Init signature: Particle(x, y, angular_vel)
Docstring: <no docstring>
Source:
class Particle:
def __init__(self, x, y, angular_vel):
self.x = x
self.y = y
self.ω = angular_vel
File: ~/code/ok-transformer/docs/nb/notes/benchmarking/hp/particles.py
Type: type
Subclasses:
The physics of the system is encoded in the ParticleSimulator
and an initialization function for the particles. This takes in a list of particles as well as a constant h
which is the increment for Euler method. This can be interpreted as the quantum of time for the system. The simulator defines a method evolve(t)
which incrementally updates the position of each particle from t = 0
to t = s
where s = hn
for maximal n
such that s ≤ t
.
Note that same update rule is applied to all particles which makes sense by symmetry. Moreover, the rule is static in that it does not change over time. These two assumptions make up the evolve
method. The exact update rule is defined in the update_particle
method. For this simulation, we simply rotate all particles around the origin with a fixed radius based on its initial position and with given angular velocity at initialization:
ParticleSimulator??
Init signature: ParticleSimulator(particles: list[hp.particles.Particle], h=1e-05)
Docstring: <no docstring>
Source:
class ParticleSimulator:
def __init__(self, particles: list[Particle], h=1e-5):
self.h = h # Euler-method increment
self.particles = particles
def evolve(self, t: float):
"""Evolve system from t=0 to t=t."""
n_steps = int(t / self.h)
for _ in range(n_steps):
for p in self.particles:
self.update_particle(p)
def update_particle(self, p: Particle):
"""Evolve particle with Δt = h."""
vx = -p.y * p.ω
vy = p.x * p.ω
dx = vx * self.h
dy = vy * self.h
p.x += dx
p.y += dy
File: ~/code/ok-transformer/docs/nb/notes/benchmarking/hp/particles.py
Type: type
Subclasses:
Example. The following shows the time evolution of the system of three particles with the same angular speed, incremented by 1 time units for each frame.
import math
particles = [
Particle(0.0, 0.3, 0.10 * math.pi),
Particle(0.0, 0.5, 0.10 * math.pi),
Particle(0.0, 0.7, 0.10 * math.pi)
]
simulator = ParticleSimulator(particles)
visualize_simulation(simulator, timesteps=20, fps=5) # fps = no. time steps per second => 4 second GIF
Testing#
Tests ensure things still work when we refactor and optimize our code. In particular, we will write unit tests designed to verify the intended logic of the program regardless of the implementation details, which may change during optimization. We test the evolve
function of the simulator on three simple cases which are easily mathematically tractable. An error tolerance of 1e-6
for a time evolution of 0.1
is used. For our tests, we consider the following three simple scenarios:
from hp.tests.test_particles import test_evolve
test_evolve??
Signature: test_evolve()
Docstring: <no docstring>
Source:
def test_evolve():
particles = [
Particle( 0.000, 0.000, +1.0),
Particle(+0.110, +0.205, +0.3),
Particle(+0.230, -0.405, 0.0),
Particle(+0.617, +0.330, -0.1),
]
# Evolve system
t = 0.1
simulator = ParticleSimulator(particles)
simulator.evolve(t)
# Check expected positions
def fequal(a, b, eps=1e-6):
return abs(a - b) < eps
p0, p1, p2, p3 = particles
r1 = (0.110 ** 2 + 0.205 ** 2) ** 0.5
r3 = (0.617 ** 2 + 0.330 ** 2) ** 0.5
θ1 = math.atan(0.205 / 0.110)
θ3 = math.atan(0.330 / 0.617)
assert fequal(p0.x, 0.000)
assert fequal(p0.y, 0.000)
assert fequal(p1.x, r1 * math.cos(θ1 + 0.3 * t))

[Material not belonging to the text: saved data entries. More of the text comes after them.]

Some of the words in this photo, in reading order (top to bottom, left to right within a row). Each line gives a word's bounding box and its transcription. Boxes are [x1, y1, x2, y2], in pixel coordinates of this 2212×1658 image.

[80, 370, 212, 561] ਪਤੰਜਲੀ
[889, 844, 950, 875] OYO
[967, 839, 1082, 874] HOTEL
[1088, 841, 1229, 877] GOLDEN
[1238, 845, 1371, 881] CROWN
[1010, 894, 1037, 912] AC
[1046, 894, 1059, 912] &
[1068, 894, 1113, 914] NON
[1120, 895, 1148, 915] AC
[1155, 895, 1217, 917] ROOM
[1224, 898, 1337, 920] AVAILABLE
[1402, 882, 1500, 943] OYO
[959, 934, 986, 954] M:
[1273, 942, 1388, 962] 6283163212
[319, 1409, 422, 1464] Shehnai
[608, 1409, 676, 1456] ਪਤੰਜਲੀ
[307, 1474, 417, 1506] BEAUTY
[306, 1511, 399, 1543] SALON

assert fequal(p1.y, r1 * math.sin(θ1 + 0.3 * t))
assert fequal(p2.x, 0.230)
assert fequal(p2.y, -0.405)
assert fequal(p3.x, r3 * math.cos(θ3 - 0.1 * t))
assert fequal(p3.y, r3 * math.sin(θ3 - 0.1 * t))
File: ~/code/ok-transformer/docs/nb/notes/benchmarking/hp/tests/test_particles.py
Type: function
particles = [
Particle( 0.000, 0.000, +1.0),
Particle(+0.110, +0.205, +0.3),
Particle(+0.230, -0.405, 0.0),
Particle(+0.617, +0.330, -0.1),
]
simulator = ParticleSimulator(particles)
visualize_simulation(simulator, timesteps=20, fps=5, savename='particles-test.gif') # fps = no. time steps per second => 4 second GIF
!pytest hp/tests -vv
============================= test session starts ==============================
platform darwin -- Python 3.9.15, pytest-7.2.0, pluggy-1.0.0 -- /Users/particle1331/opt/miniconda3/envs/ai/bin/python3.9
cachedir: .pytest_cache
benchmark: 4.0.0 (defaults: timer=time.perf_counter disable_gc=False min_rounds=5 min_time=0.000005 max_time=1.0 calibration_precision=10 warmup=False warmup_iterations=100000)
rootdir: /Users/particle1331/code/ok-transformer/docs/nb/notes/benchmarking
plugins: anyio-3.6.2, benchmark-4.0.0
collected 1 item
hp/tests/test_particles.py::test_evolve PASSED [100%]
============================== 1 passed in 0.19s ===============================
Benchmarking#
Tests ensure the correctness of our functionality but gives little information about its running time. A benchmark is a simple and representative use case that can be run to assess the running time of an application. Benchmarks are very useful to keep track of increase or decrease in execution time with each new iteration during development.
from hp.benchmarks import benchmark, random_particles
random_particles??
Signature: random_particles(n: int) -> list[hp.particles.Particle]
Docstring: <no docstring>
Source:
def random_particles(n: int) -> list[Particle]:
particles = []
for _ in range(n):
x, y, ω = np.random.random(3)
particles.append(Particle(x, y, ω))
return particles
File: ~/code/ok-transformer/docs/nb/notes/benchmarking/hp/benchmarks.py
Type: function
benchmark??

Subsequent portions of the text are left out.